- **EXERCISE REQUIREMENTS**:
Repeat the entries that follow verbatim, without any of their pictures.

[Data records]
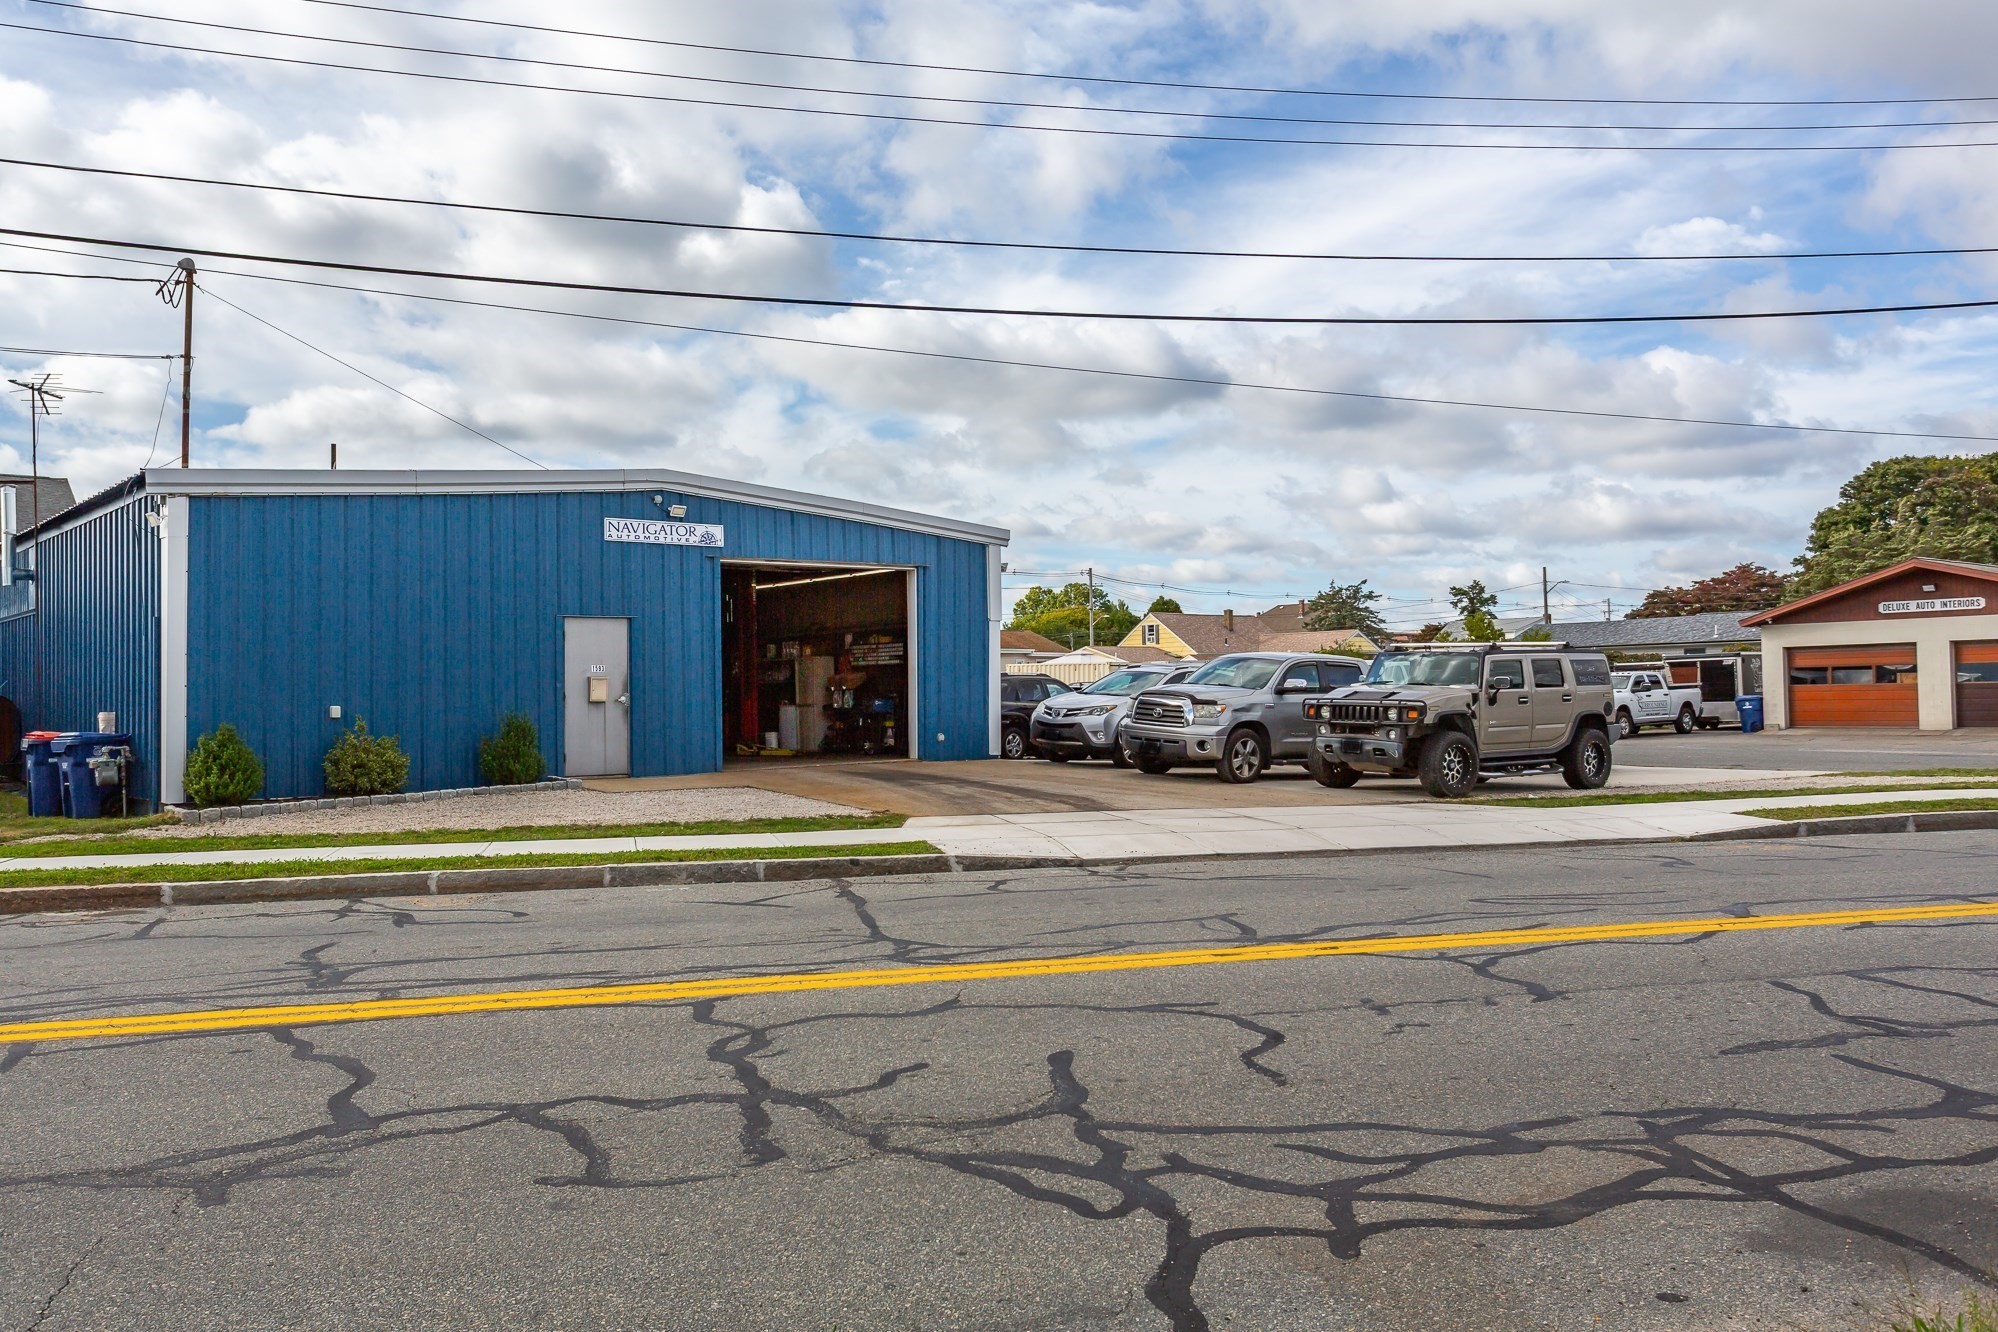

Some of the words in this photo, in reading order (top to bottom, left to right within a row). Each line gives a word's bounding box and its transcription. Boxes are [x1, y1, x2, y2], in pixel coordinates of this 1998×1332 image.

[608, 521, 698, 538] NAVIGATOR
[608, 533, 690, 542] AUTOMOTIVE
[1882, 602, 1910, 612] DELUXE
[1915, 601, 1935, 610] AUTO
[1940, 598, 1981, 609] INTERIORS

- **REPLY**:
Some of the words in this photo, in reading order (top to bottom, left to right within a row). Each line gives a word's bounding box and its transcription. Boxes are [x1, y1, x2, y2], in pixel coordinates of this 1998×1332 image.

[608, 521, 698, 538] NAVIGATOR
[608, 533, 690, 542] AUTOMOTIVE
[1882, 602, 1910, 612] DELUXE
[1915, 601, 1935, 610] AUTO
[1940, 598, 1981, 609] INTERIORS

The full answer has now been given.